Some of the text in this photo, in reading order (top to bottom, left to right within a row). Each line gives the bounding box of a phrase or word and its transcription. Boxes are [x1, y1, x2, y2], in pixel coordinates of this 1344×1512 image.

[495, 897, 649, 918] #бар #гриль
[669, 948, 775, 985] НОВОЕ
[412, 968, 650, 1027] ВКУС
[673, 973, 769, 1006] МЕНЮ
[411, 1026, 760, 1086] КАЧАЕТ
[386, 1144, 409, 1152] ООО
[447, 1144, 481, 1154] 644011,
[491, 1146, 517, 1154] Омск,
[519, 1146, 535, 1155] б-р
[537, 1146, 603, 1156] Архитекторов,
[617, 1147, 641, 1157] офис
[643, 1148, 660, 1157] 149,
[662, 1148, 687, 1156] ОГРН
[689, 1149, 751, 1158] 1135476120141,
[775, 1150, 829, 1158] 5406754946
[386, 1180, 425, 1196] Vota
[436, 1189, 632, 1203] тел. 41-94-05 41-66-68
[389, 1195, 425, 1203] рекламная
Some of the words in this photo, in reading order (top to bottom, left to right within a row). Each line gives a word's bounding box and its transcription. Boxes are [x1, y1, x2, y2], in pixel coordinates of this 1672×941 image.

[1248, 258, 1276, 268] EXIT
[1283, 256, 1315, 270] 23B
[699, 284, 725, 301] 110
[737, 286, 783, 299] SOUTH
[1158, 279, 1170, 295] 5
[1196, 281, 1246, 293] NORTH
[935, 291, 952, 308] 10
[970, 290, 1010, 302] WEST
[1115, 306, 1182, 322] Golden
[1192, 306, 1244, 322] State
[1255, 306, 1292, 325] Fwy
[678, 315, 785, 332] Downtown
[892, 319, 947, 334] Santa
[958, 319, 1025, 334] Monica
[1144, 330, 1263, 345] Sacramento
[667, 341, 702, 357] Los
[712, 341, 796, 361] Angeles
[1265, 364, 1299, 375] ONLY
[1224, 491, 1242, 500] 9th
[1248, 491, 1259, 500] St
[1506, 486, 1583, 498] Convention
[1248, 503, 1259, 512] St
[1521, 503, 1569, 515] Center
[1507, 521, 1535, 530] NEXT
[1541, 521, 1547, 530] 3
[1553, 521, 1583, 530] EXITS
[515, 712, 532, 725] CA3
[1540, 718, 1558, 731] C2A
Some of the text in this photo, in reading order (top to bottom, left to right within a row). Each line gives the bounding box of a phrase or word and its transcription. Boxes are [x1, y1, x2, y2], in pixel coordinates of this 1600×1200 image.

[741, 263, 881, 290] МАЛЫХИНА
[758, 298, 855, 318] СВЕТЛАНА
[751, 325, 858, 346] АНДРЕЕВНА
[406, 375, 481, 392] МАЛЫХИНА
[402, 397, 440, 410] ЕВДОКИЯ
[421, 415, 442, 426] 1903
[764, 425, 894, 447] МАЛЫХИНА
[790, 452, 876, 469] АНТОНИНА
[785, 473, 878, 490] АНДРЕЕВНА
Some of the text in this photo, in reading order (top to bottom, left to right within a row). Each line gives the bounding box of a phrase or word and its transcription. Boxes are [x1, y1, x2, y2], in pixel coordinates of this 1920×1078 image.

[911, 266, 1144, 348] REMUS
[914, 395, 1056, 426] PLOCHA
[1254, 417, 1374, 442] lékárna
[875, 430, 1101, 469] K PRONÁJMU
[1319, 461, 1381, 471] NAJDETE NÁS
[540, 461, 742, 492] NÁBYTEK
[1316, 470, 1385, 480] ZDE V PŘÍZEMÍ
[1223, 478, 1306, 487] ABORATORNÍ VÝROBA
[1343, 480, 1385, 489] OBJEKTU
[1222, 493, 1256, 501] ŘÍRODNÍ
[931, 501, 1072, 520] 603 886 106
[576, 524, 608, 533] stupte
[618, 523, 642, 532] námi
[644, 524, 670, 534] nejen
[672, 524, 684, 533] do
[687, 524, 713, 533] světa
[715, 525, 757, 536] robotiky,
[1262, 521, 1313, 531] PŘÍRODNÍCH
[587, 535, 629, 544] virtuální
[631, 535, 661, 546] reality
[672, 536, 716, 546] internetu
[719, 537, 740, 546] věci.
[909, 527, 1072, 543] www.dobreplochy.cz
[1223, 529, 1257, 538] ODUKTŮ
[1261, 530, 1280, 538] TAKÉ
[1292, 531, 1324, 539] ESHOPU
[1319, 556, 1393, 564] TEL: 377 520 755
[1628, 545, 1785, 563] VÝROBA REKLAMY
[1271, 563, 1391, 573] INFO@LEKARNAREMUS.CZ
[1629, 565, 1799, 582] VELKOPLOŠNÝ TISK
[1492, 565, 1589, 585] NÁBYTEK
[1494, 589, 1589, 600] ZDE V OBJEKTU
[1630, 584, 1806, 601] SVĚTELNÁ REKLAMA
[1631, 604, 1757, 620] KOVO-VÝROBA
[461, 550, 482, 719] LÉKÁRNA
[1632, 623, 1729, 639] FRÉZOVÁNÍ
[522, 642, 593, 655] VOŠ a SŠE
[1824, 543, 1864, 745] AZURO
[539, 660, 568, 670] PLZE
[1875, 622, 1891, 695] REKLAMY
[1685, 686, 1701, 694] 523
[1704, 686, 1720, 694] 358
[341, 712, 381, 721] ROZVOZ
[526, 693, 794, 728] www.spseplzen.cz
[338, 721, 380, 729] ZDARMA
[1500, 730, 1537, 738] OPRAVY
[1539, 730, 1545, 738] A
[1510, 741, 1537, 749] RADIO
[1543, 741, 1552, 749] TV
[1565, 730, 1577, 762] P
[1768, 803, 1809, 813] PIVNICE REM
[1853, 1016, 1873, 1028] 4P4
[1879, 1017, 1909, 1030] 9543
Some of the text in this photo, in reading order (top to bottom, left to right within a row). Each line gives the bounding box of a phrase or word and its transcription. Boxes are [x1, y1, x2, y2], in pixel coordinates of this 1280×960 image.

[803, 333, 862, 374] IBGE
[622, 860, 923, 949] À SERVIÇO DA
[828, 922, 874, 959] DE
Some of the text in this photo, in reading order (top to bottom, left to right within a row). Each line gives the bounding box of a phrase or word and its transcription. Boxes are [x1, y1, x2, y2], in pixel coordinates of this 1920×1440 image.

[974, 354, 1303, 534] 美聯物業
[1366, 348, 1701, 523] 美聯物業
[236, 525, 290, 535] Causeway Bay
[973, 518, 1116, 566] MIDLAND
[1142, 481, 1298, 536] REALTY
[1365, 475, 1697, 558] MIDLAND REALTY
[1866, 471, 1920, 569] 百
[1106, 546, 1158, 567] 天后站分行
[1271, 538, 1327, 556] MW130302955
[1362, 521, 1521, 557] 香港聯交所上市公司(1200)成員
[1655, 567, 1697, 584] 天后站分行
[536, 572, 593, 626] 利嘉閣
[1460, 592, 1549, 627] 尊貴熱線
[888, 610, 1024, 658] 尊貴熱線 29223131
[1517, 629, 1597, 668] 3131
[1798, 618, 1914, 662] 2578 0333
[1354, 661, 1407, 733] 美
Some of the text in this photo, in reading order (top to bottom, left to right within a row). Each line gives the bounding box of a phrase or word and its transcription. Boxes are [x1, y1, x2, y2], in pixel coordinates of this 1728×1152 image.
○ ○ ○ ○
**Your instructions**
Each line of the records should be repeated exactly as it stands.

**Solution to this exercise**
Some of the text in this photo, in reading order (top to bottom, left to right within a row). Each line gives the bounding box of a phrase or word and its transcription. Boxes are [x1, y1, x2, y2], in pixel coordinates of this 1344×1512 image.

[495, 897, 649, 918] #бар #гриль
[669, 948, 775, 985] НОВОЕ
[412, 968, 650, 1027] ВКУС
[673, 973, 769, 1006] МЕНЮ
[411, 1026, 760, 1086] КАЧАЕТ
[386, 1144, 409, 1152] ООО
[447, 1144, 481, 1154] 644011,
[491, 1146, 517, 1154] Омск,
[519, 1146, 535, 1155] б-р
[537, 1146, 603, 1156] Архитекторов,
[617, 1147, 641, 1157] офис
[643, 1148, 660, 1157] 149,
[662, 1148, 687, 1156] ОГРН
[689, 1149, 751, 1158] 1135476120141,
[775, 1150, 829, 1158] 5406754946
[386, 1180, 425, 1196] Vota
[436, 1189, 632, 1203] тел. 41-94-05 41-66-68
[389, 1195, 425, 1203] рекламная
Some of the words in this photo, in reading order (top to bottom, left to right within a row). Each line gives a word's bounding box and its transcription. Boxes are [x1, y1, x2, y2], in pixel coordinates of this 1672×941 image.

[1248, 258, 1276, 268] EXIT
[1283, 256, 1315, 270] 23B
[699, 284, 725, 301] 110
[737, 286, 783, 299] SOUTH
[1158, 279, 1170, 295] 5
[1196, 281, 1246, 293] NORTH
[935, 291, 952, 308] 10
[970, 290, 1010, 302] WEST
[1115, 306, 1182, 322] Golden
[1192, 306, 1244, 322] State
[1255, 306, 1292, 325] Fwy
[678, 315, 785, 332] Downtown
[892, 319, 947, 334] Santa
[958, 319, 1025, 334] Monica
[1144, 330, 1263, 345] Sacramento
[667, 341, 702, 357] Los
[712, 341, 796, 361] Angeles
[1265, 364, 1299, 375] ONLY
[1224, 491, 1242, 500] 9th
[1248, 491, 1259, 500] St
[1506, 486, 1583, 498] Convention
[1248, 503, 1259, 512] St
[1521, 503, 1569, 515] Center
[1507, 521, 1535, 530] NEXT
[1541, 521, 1547, 530] 3
[1553, 521, 1583, 530] EXITS
[515, 712, 532, 725] CA3
[1540, 718, 1558, 731] C2A
Some of the text in this photo, in reading order (top to bottom, left to right within a row). Each line gives the bounding box of a phrase or word and its transcription. Boxes are [x1, y1, x2, y2], in pixel coordinates of this 1600×1200 image.

[741, 263, 881, 290] МАЛЫХИНА
[758, 298, 855, 318] СВЕТЛАНА
[751, 325, 858, 346] АНДРЕЕВНА
[406, 375, 481, 392] МАЛЫХИНА
[402, 397, 440, 410] ЕВДОКИЯ
[421, 415, 442, 426] 1903
[764, 425, 894, 447] МАЛЫХИНА
[790, 452, 876, 469] АНТОНИНА
[785, 473, 878, 490] АНДРЕЕВНА
Some of the text in this photo, in reading order (top to bottom, left to right within a row). Each line gives the bounding box of a phrase or word and its transcription. Boxes are [x1, y1, x2, y2], in pixel coordinates of this 1920×1078 image.

[911, 266, 1144, 348] REMUS
[914, 395, 1056, 426] PLOCHA
[1254, 417, 1374, 442] lékárna
[875, 430, 1101, 469] K PRONÁJMU
[1319, 461, 1381, 471] NAJDETE NÁS
[540, 461, 742, 492] NÁBYTEK
[1316, 470, 1385, 480] ZDE V PŘÍZEMÍ
[1223, 478, 1306, 487] ABORATORNÍ VÝROBA
[1343, 480, 1385, 489] OBJEKTU
[1222, 493, 1256, 501] ŘÍRODNÍ
[931, 501, 1072, 520] 603 886 106
[576, 524, 608, 533] stupte
[618, 523, 642, 532] námi
[644, 524, 670, 534] nejen
[672, 524, 684, 533] do
[687, 524, 713, 533] světa
[715, 525, 757, 536] robotiky,
[1262, 521, 1313, 531] PŘÍRODNÍCH
[587, 535, 629, 544] virtuální
[631, 535, 661, 546] reality
[672, 536, 716, 546] internetu
[719, 537, 740, 546] věci.
[909, 527, 1072, 543] www.dobreplochy.cz
[1223, 529, 1257, 538] ODUKTŮ
[1261, 530, 1280, 538] TAKÉ
[1292, 531, 1324, 539] ESHOPU
[1319, 556, 1393, 564] TEL: 377 520 755
[1628, 545, 1785, 563] VÝROBA REKLAMY
[1271, 563, 1391, 573] INFO@LEKARNAREMUS.CZ
[1629, 565, 1799, 582] VELKOPLOŠNÝ TISK
[1492, 565, 1589, 585] NÁBYTEK
[1494, 589, 1589, 600] ZDE V OBJEKTU
[1630, 584, 1806, 601] SVĚTELNÁ REKLAMA
[1631, 604, 1757, 620] KOVO-VÝROBA
[461, 550, 482, 719] LÉKÁRNA
[1632, 623, 1729, 639] FRÉZOVÁNÍ
[522, 642, 593, 655] VOŠ a SŠE
[1824, 543, 1864, 745] AZURO
[539, 660, 568, 670] PLZE
[1875, 622, 1891, 695] REKLAMY
[1685, 686, 1701, 694] 523
[1704, 686, 1720, 694] 358
[341, 712, 381, 721] ROZVOZ
[526, 693, 794, 728] www.spseplzen.cz
[338, 721, 380, 729] ZDARMA
[1500, 730, 1537, 738] OPRAVY
[1539, 730, 1545, 738] A
[1510, 741, 1537, 749] RADIO
[1543, 741, 1552, 749] TV
[1565, 730, 1577, 762] P
[1768, 803, 1809, 813] PIVNICE REM
[1853, 1016, 1873, 1028] 4P4
[1879, 1017, 1909, 1030] 9543
Some of the text in this photo, in reading order (top to bottom, left to right within a row). Each line gives the bounding box of a phrase or word and its transcription. Boxes are [x1, y1, x2, y2], in pixel coordinates of this 1280×960 image.

[803, 333, 862, 374] IBGE
[622, 860, 923, 949] À SERVIÇO DA
[828, 922, 874, 959] DE
Some of the text in this photo, in reading order (top to bottom, left to right within a row). Each line gives the bounding box of a phrase or word and its transcription. Boxes are [x1, y1, x2, y2], in pixel coordinates of this 1920×1440 image.

[974, 354, 1303, 534] 美聯物業
[1366, 348, 1701, 523] 美聯物業
[236, 525, 290, 535] Causeway Bay
[973, 518, 1116, 566] MIDLAND
[1142, 481, 1298, 536] REALTY
[1365, 475, 1697, 558] MIDLAND REALTY
[1866, 471, 1920, 569] 百
[1106, 546, 1158, 567] 天后站分行
[1271, 538, 1327, 556] MW130302955
[1362, 521, 1521, 557] 香港聯交所上市公司(1200)成員
[1655, 567, 1697, 584] 天后站分行
[536, 572, 593, 626] 利嘉閣
[1460, 592, 1549, 627] 尊貴熱線
[888, 610, 1024, 658] 尊貴熱線 29223131
[1517, 629, 1597, 668] 3131
[1798, 618, 1914, 662] 2578 0333
[1354, 661, 1407, 733] 美
Some of the text in this photo, in reading order (top to bottom, left to right within a row). Each line gives the bounding box of a phrase or word and its transcription. Boxes are [x1, y1, x2, y2], in pixel coordinates of this 1728×1152 image.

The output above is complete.